In particular, she worries about his future if he decides to marry: Will he marry someone his size or someone average-sized? And what if he marries and they decide they want to have children?

If David marries someone with the same type of dwarfism, Brown said, there is a 25% chance the baby will be average-sized, a 50% chance the baby will have his type of dwarfism and a 25% chance that the baby will be a “double dominant” (the baby receives two dominant genes for achondroplasia), which means the baby will be born with severe complications and will have a short life expectancy.

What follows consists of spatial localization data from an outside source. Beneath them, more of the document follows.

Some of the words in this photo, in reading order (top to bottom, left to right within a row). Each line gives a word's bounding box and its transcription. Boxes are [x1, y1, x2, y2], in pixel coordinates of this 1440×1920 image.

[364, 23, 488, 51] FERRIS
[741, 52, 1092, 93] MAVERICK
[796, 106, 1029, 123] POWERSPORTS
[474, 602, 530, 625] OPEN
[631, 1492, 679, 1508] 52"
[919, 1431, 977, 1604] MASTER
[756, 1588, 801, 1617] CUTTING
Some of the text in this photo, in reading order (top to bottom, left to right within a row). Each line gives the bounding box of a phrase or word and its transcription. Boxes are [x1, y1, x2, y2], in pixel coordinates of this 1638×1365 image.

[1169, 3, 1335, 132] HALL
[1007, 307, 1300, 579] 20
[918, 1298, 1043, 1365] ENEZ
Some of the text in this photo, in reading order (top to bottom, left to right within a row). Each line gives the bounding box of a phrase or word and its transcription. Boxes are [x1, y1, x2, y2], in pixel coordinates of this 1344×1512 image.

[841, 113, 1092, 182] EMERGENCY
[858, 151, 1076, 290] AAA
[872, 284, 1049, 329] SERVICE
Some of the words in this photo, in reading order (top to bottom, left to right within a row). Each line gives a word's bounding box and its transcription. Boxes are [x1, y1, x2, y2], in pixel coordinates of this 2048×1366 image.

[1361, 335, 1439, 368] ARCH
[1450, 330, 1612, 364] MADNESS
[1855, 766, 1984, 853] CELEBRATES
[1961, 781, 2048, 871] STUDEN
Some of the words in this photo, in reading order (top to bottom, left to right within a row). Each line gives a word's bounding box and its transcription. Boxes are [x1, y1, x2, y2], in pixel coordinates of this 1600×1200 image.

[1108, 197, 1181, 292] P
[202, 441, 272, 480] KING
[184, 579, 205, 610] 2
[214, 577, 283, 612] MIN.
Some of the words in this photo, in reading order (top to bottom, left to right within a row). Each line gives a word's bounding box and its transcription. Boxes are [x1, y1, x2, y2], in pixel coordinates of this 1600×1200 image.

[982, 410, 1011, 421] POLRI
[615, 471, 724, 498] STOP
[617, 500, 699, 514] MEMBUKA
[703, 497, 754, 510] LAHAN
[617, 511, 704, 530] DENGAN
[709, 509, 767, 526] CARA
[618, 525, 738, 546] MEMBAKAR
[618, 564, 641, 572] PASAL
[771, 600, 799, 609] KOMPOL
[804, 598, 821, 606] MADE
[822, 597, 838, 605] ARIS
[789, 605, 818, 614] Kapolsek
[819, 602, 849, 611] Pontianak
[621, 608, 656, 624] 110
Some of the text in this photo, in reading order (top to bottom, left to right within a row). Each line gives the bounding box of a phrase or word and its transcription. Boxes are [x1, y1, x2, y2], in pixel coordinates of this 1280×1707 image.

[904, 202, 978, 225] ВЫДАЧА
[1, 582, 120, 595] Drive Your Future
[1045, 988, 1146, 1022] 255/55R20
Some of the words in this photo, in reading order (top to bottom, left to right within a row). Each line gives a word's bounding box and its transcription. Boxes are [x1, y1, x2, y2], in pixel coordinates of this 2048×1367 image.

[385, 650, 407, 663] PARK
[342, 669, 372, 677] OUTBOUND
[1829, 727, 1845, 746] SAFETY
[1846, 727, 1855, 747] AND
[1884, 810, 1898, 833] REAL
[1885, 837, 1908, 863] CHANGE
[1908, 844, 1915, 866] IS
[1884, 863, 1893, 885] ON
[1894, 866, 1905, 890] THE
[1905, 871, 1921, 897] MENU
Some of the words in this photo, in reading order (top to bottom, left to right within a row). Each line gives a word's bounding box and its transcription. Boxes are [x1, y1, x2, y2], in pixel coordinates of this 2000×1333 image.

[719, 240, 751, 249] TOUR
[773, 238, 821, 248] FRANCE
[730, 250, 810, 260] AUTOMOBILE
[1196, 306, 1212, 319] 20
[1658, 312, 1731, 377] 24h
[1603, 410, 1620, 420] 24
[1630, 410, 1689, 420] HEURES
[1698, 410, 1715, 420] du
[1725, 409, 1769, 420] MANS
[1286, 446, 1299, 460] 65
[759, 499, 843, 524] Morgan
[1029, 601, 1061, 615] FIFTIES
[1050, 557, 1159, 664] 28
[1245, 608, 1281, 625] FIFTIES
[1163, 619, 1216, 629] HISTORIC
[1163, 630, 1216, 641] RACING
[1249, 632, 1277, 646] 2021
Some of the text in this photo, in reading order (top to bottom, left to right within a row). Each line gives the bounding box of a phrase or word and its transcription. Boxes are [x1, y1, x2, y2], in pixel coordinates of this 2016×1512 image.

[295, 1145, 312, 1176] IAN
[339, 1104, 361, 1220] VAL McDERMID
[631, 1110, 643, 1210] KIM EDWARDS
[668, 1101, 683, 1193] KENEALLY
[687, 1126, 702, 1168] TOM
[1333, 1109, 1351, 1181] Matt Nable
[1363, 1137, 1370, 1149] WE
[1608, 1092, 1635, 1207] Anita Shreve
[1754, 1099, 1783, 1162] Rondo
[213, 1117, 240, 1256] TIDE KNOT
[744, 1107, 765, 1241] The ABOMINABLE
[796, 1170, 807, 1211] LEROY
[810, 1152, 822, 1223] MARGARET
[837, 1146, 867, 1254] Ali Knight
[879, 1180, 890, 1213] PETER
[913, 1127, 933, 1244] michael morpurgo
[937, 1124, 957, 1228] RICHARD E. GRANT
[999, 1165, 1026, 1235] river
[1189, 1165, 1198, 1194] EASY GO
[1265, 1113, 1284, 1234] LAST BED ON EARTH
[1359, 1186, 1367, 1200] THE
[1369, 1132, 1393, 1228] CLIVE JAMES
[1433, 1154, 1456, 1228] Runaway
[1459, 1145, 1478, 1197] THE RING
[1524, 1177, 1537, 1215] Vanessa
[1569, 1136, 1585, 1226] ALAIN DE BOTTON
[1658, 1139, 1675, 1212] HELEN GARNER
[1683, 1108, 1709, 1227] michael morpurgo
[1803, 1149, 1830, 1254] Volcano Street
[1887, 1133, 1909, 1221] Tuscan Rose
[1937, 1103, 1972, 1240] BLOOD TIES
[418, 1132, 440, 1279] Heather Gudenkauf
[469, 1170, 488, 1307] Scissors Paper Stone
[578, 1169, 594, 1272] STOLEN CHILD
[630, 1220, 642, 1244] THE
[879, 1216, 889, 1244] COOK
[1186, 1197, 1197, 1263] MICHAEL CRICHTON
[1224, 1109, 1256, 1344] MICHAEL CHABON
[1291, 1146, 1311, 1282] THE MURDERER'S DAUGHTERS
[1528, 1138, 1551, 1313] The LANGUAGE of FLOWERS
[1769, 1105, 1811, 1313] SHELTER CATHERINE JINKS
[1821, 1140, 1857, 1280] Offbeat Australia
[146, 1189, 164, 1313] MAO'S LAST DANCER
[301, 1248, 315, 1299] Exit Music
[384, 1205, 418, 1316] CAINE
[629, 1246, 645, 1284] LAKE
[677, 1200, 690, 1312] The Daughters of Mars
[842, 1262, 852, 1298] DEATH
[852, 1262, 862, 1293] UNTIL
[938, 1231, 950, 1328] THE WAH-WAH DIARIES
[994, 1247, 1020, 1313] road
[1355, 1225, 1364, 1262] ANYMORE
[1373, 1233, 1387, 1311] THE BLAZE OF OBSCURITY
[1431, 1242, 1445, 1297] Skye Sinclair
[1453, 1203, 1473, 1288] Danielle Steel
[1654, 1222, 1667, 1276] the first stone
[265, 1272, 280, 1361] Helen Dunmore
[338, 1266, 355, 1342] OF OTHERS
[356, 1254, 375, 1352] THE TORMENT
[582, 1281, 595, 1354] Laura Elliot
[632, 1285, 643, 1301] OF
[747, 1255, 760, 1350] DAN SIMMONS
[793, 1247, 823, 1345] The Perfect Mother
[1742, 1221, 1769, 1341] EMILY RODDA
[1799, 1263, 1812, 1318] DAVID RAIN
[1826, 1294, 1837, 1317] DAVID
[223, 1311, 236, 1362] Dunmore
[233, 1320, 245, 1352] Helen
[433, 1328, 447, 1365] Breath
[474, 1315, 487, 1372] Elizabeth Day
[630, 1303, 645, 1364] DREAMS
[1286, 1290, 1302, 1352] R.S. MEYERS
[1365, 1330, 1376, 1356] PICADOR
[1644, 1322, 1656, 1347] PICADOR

“If he marries a little person with a different type of dwarfism, I couldn’t even begin to tell you what the statistics could be,” she said. “It’s hard for a person who is a dwarf when it comes to (deciding about having) children. Many of them feel they’d prefer to have a child who is tall so they won’t have to go through what they’ve gone through as a dwarf.”

Noting that some average-statured parents who give birth to short-statured children give the babies up for adoption, Brown said, “It’s hard for me to understand why anyone would do that. But I think any child is better off with parents who love him than with parents who view him as some sort of oddity.”

She said she cannot imagine life without David.

“If I had to choose between having David the way he is and not having David at all . . . I wouldn’t change him. I don’t think he’d be the wonderful person he is without all the aspects of him.”